Benyus provides examples of biomimicry and insight into several big ideas from biology:
1. Self-assembly. The production of computer chips results in the production of carcinogens. Benyus says that there is a diatom (a small organism) that contains silicates that involves a bio mineralization process that is now being mimicked to create computer chips without the carcinogens. Another example is a species of brittle star whose a skeleton is coated with eye like lenses that are superior to those manufactured in labs. Researchers have indicated that these lenses have absolutely no distortion whatsoever and, interestingly, these lenses also self assemble. There is also a sea sponge that has fiber optics that work better at moving light than the fiber optics that we currently manufacture and the fiber optics from the sea sponge can even be tied into a knot.
2. Carbon dioxide as a feedstock. CO2 is not an enemy just because we exhale it. Plants use CO2 to construct many important compounds. One researcher has found a way to use a catalyst to make polycarbonates (biodegradable plastic structures) out of CO2.
3. Solar transformations. Some researchers are mimicking the energy harvesting device inside of purple bacteria.
4. The power of shape.

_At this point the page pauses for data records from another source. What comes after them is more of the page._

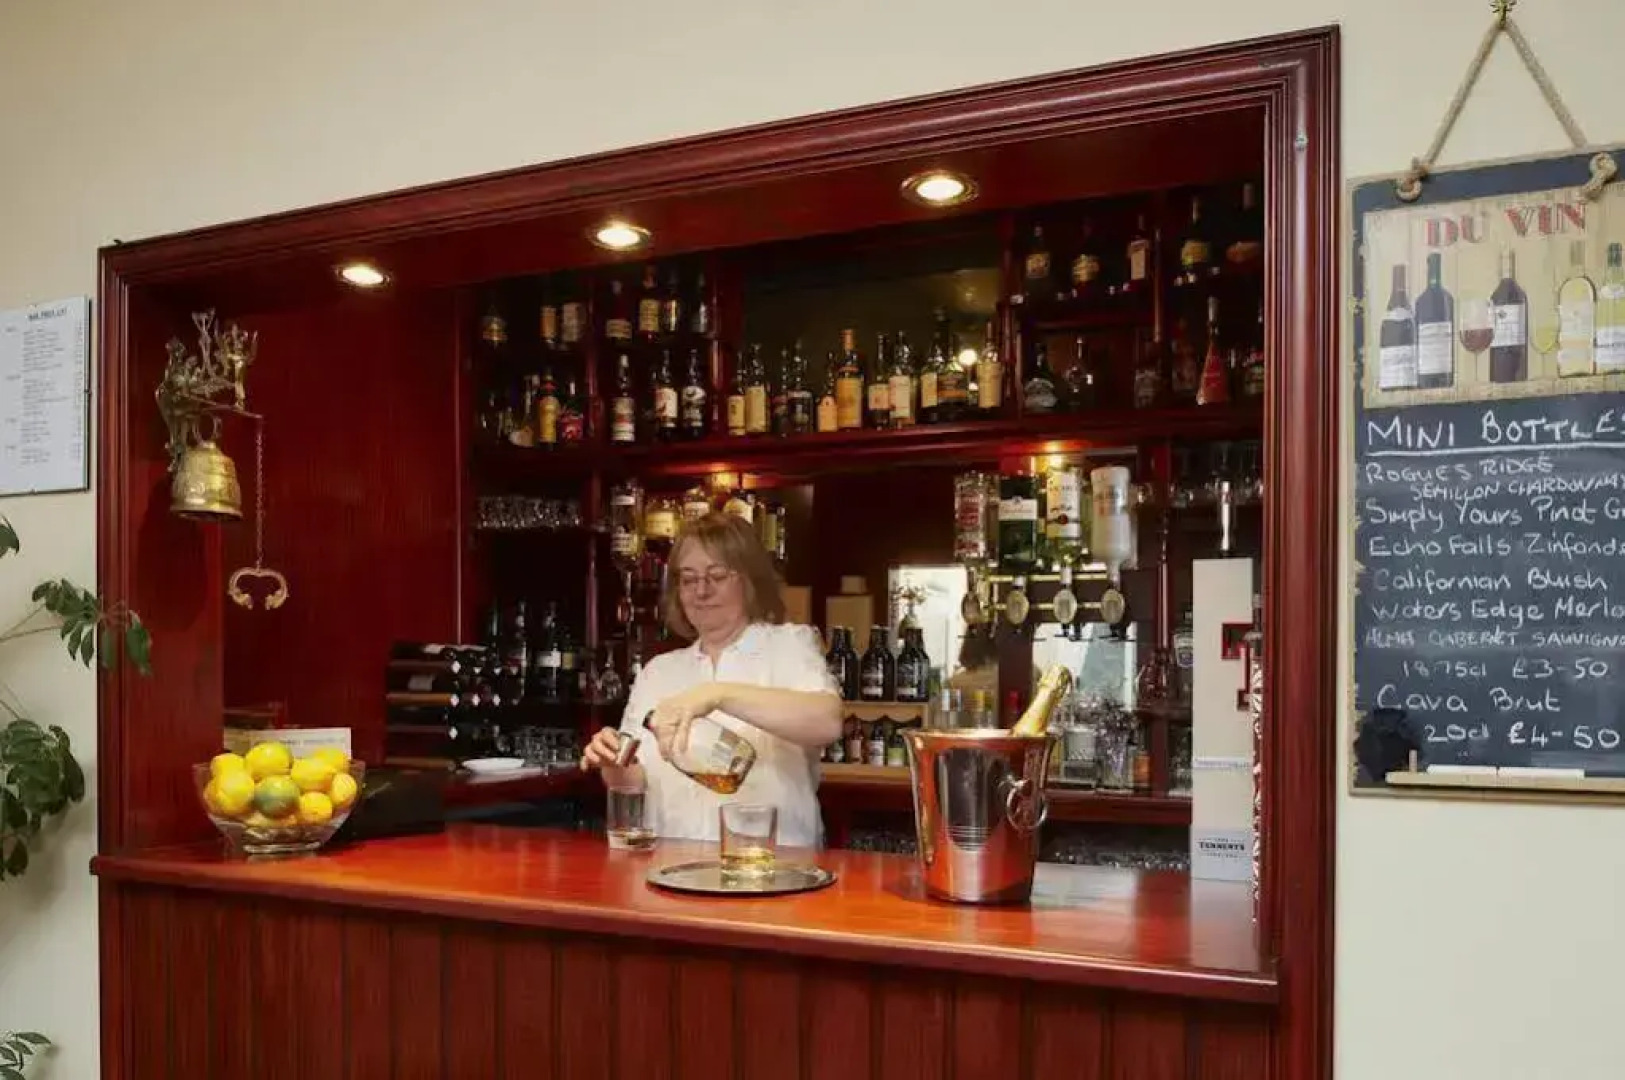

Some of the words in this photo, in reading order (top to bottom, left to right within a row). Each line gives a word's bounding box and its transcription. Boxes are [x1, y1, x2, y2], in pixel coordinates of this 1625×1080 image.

[1425, 211, 1493, 246] DU
[1505, 202, 1588, 238] VIN
[1367, 415, 1455, 449] MINI
[1365, 461, 1473, 484] ROGUES
[1479, 452, 1553, 476] RIDGE
[1409, 480, 1500, 501] SEMILLON
[1454, 498, 1522, 526] Yours
[1530, 494, 1597, 525] Pinot
[1369, 536, 1442, 557] Echo
[1449, 533, 1511, 557] Falls
[1373, 563, 1511, 595] Californian
[1471, 598, 1545, 630] Edge
[1376, 684, 1469, 712] Cava
[1489, 686, 1562, 712] Brut
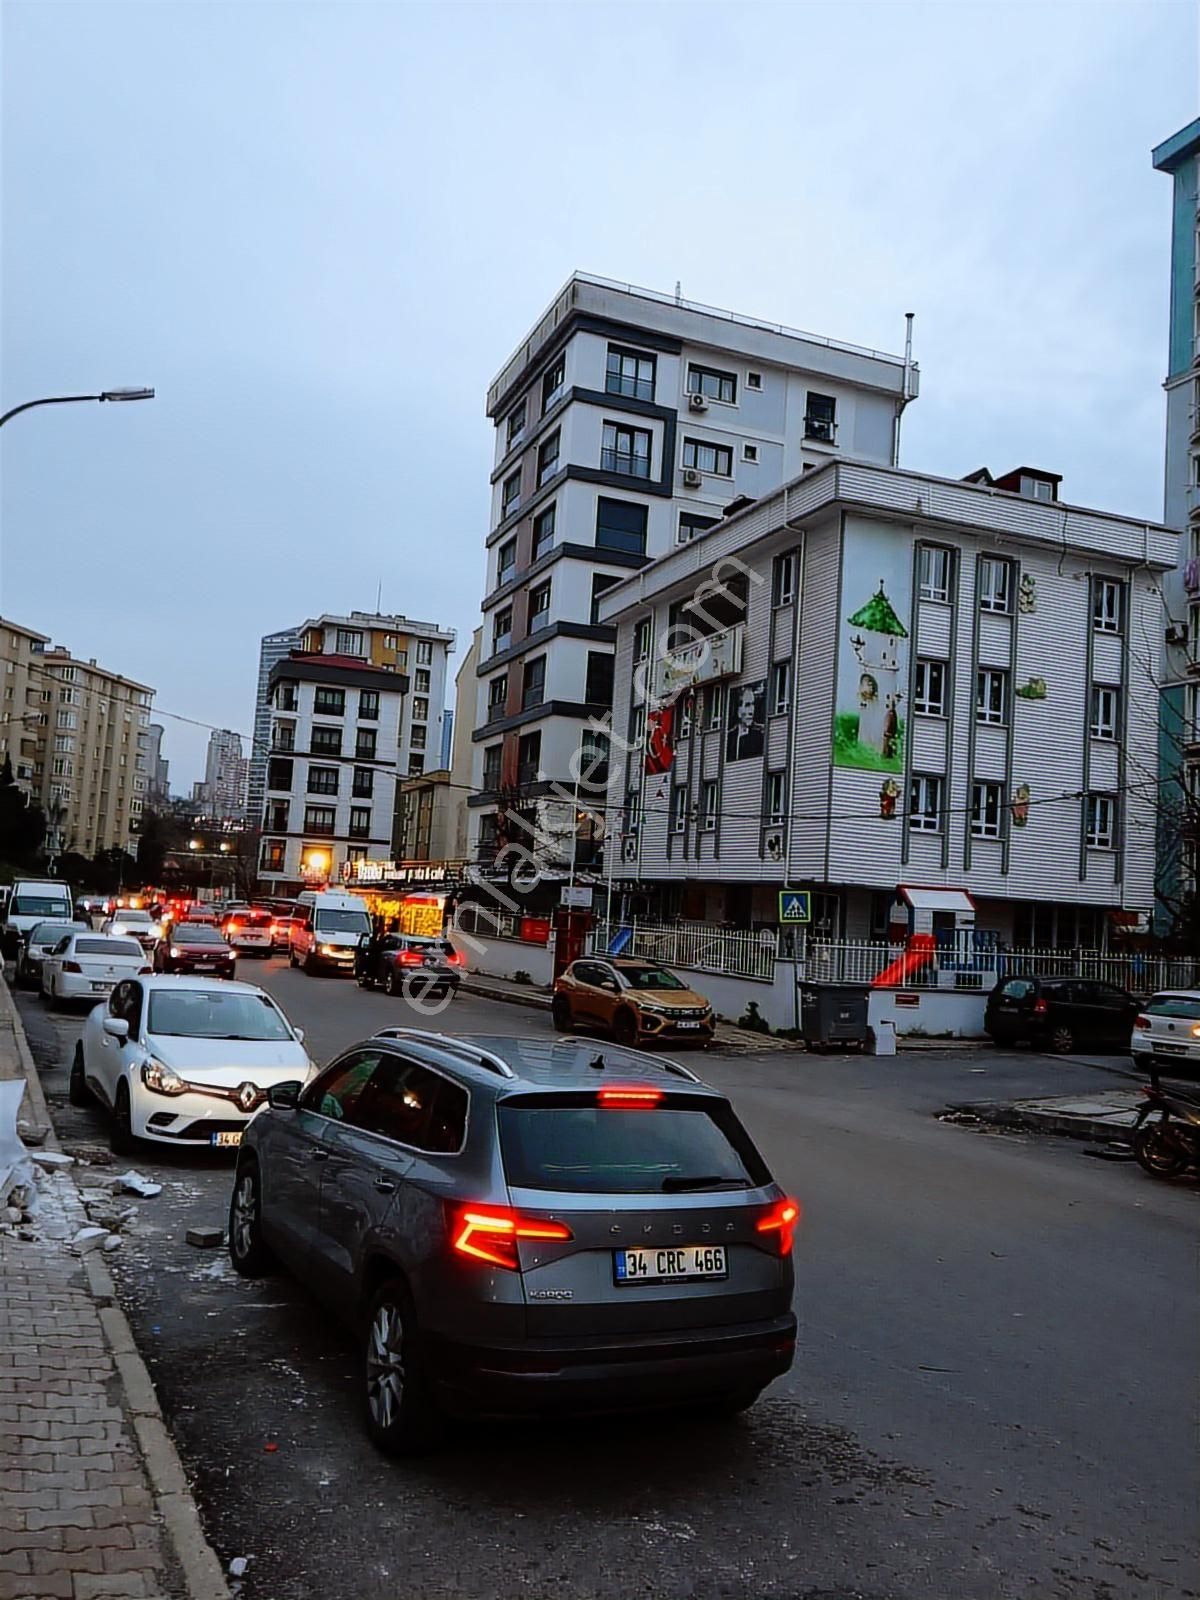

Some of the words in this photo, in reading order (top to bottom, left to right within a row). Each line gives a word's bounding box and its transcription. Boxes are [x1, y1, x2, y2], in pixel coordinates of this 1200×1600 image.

[218, 1132, 230, 1144] 34
[627, 1253, 647, 1275] 34
[656, 1251, 686, 1274] CRC
[695, 1249, 723, 1272] 466

The fins of Wales have tubicles and these little bumps actually increase efficiency of movement. If used on the edge of an airplane they have been found to increase efficiency by up to 32%. This obviously has significant implications for the use of fossil fuels.

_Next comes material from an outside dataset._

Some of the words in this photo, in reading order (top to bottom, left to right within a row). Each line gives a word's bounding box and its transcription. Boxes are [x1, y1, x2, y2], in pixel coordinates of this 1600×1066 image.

5. Color without pigments. As a peacock whose bluish color occurs due to shape as opposed to pigments. Light bounces off certain layers in a process called thin film interference. This creates the possibility of using light and layers in a way to create color instead of using paint or some other similar coloring mechanism
6. Cleaning without detergents. A leaf has an outside layer that enables self-cleaning with water. There is one company that is mimicking this process in a building where the building is self-cleaning with water.
5. Quenching thirst. The Namibian beetle pulls water out of fog and the pill bug can pull water out of air (it does not drink fresh water). This has significant implications for the availability and production of water.

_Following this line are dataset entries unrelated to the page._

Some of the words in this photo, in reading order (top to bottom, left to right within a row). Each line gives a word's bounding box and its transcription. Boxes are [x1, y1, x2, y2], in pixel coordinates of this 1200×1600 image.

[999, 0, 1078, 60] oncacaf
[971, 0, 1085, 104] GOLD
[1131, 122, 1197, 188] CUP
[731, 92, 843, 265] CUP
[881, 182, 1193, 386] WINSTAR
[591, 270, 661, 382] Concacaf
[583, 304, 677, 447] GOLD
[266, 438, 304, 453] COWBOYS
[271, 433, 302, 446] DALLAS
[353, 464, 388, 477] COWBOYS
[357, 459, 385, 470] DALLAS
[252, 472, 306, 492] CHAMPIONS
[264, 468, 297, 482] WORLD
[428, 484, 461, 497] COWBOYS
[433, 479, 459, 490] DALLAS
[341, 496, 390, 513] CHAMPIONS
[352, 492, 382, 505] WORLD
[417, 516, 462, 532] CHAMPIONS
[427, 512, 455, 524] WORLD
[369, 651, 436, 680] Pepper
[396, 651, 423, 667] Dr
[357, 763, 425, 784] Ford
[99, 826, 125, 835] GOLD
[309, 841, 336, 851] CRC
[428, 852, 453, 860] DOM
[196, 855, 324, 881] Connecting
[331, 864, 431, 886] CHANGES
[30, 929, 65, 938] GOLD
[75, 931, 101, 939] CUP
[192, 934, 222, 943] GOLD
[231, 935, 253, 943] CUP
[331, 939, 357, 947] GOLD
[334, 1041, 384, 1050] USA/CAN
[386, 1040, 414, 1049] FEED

6. Metals without mining. Benyus says that separation technologies will be critical asks, what if we could separate metals from waste streams? This is what microbes do.
7. Green chemistry. This natural chemistry is replacing industrial chemistry. Benyus says that nature only uses a subset of the elements in the periodic table but industrial chemistry uses virtually all of them.
8. Timed degradation. This would enable us to create packaging that can perform its function for a given period of time then naturally biodegrade. There is a muscle that has natural threads that hold it to the ground but they automatically start biologically degrading almost exactly 2 years after it dies.
9. Resilience and healing. One of our challenges today is to get vaccines to the people that need them. One of the reasons is that the refrigeration is required to maintain the vaccines during the transport process. There is a water dwelling micro animal called a Tartigrade that is capable of completely dehydrating while staying alive for many months and then regenerate itself. One researcher mimicked this process in a way that allowed the vaccines to totally dry out while still remaining alive and, in doing so, remove the requirement for refrigeration.
All of these are examples of nature creating an extremely high quality version of products that we are currently manufacturing using unsustainable processes and depleting our environment.
Benyus says that the more important point here is that these organisms have found a way to do amazing things that enable them to take care of themselves while also taking care of the environment that sustains them. This is the design challenge that faces us as humans.